Visualization of the Oncolytic Alphavirus M1 Life Cycle in Cancer Cells.

Oncolytic alphavirus M1 has been shown to selectively target and kill cancer cells, but cytopathic morphologies induced by M1 virus and the life cycle of the M1 strain in cancer cells remain unclear. Here, we study the key stages of M1 virus infection and replication in the M1 virus-sensitive HepG2 liver cancer cell line by transmission electron microscopy, specifically examining viral entry, assembly, maturation and release. We found that M1 virus induces vacuolization of cancer cells during infection and ultimately nuclear marginalization, a typical indicator of apoptosis. Specifically, our results suggest that the endoplasmic reticulum participates in the assembly of nucleocapsids. In the early and late stage of infection, three kinds of special cytopathic vacuoles are formed and appear to be involved in the replication, maturation and release of the virus. Taken together, our data displayed the process of M1 virus infection of tumor cells and provide the structural basis for the study of M1 virus-host interactions.
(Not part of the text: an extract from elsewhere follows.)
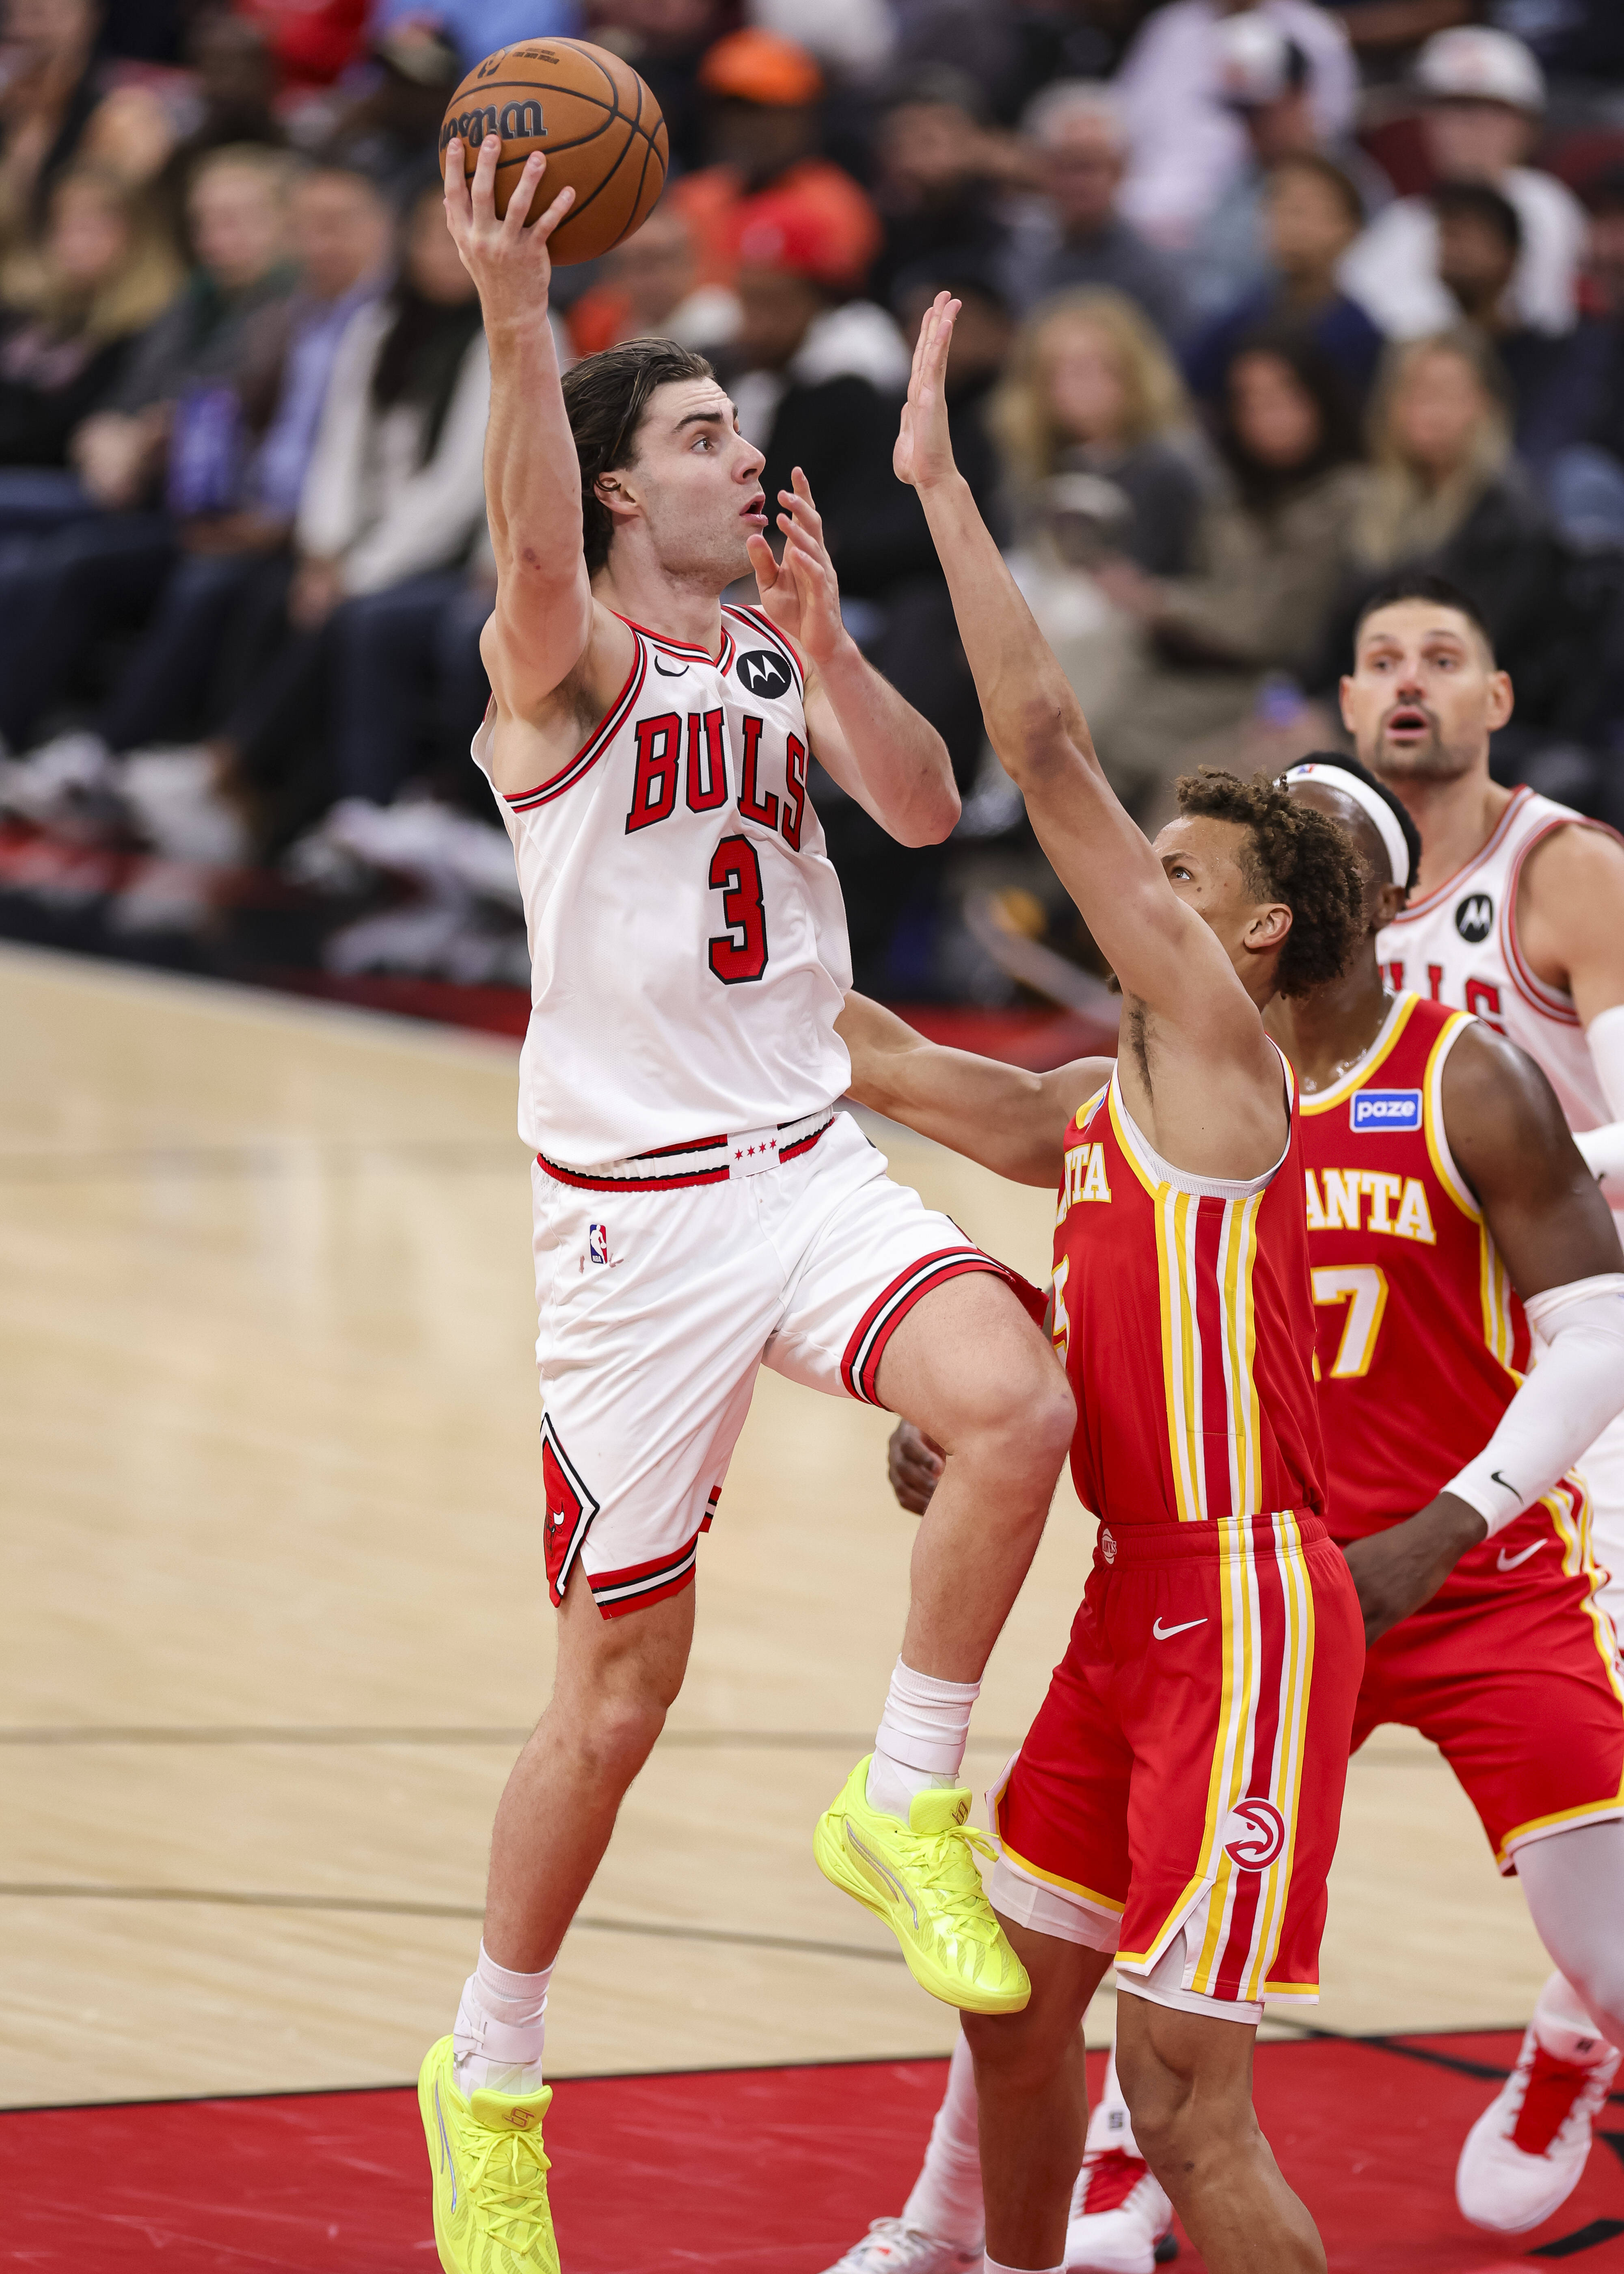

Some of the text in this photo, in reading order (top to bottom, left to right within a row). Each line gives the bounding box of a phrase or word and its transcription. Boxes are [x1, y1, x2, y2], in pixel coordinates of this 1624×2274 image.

Intravenous injection of the oncolytic virus M1 awakens antitumor T cells and overcomes resistance to checkpoint blockade.

Reversing the highly immunosuppressive tumor microenvironment (TME) is essential to achieve long-term efficacy with cancer immunotherapy. Despite the impressive clinical response to checkpoint blockade in multiple types of cancer, only a minority of patients benefit from this approach. Here, we report that the oncolytic virus M1 induces immunogenic tumor cell death and subsequently restores the ability of dendritic cells to prime antitumor T cells. Intravenous injection of M1 disrupts immune tolerance in the privileged TME, reprogramming immune-silent (cold) tumors into immune-inflamed (hot) tumors. M1 elicits potent CD8+ T cell-dependent therapeutic effects and establishes long-term antitumor immune memory in poorly immunogenic tumor models. Pretreatment with M1 sensitizes refractory tumors to subsequent checkpoint blockade by boosting T-cell recruitment and upregulating the expression of PD-L1. These findings reveal the antitumor immunological mechanism of the M1 virus and indicated that oncolytic viruses are ideal cotreatments for checkpoint blockade immunotherapy.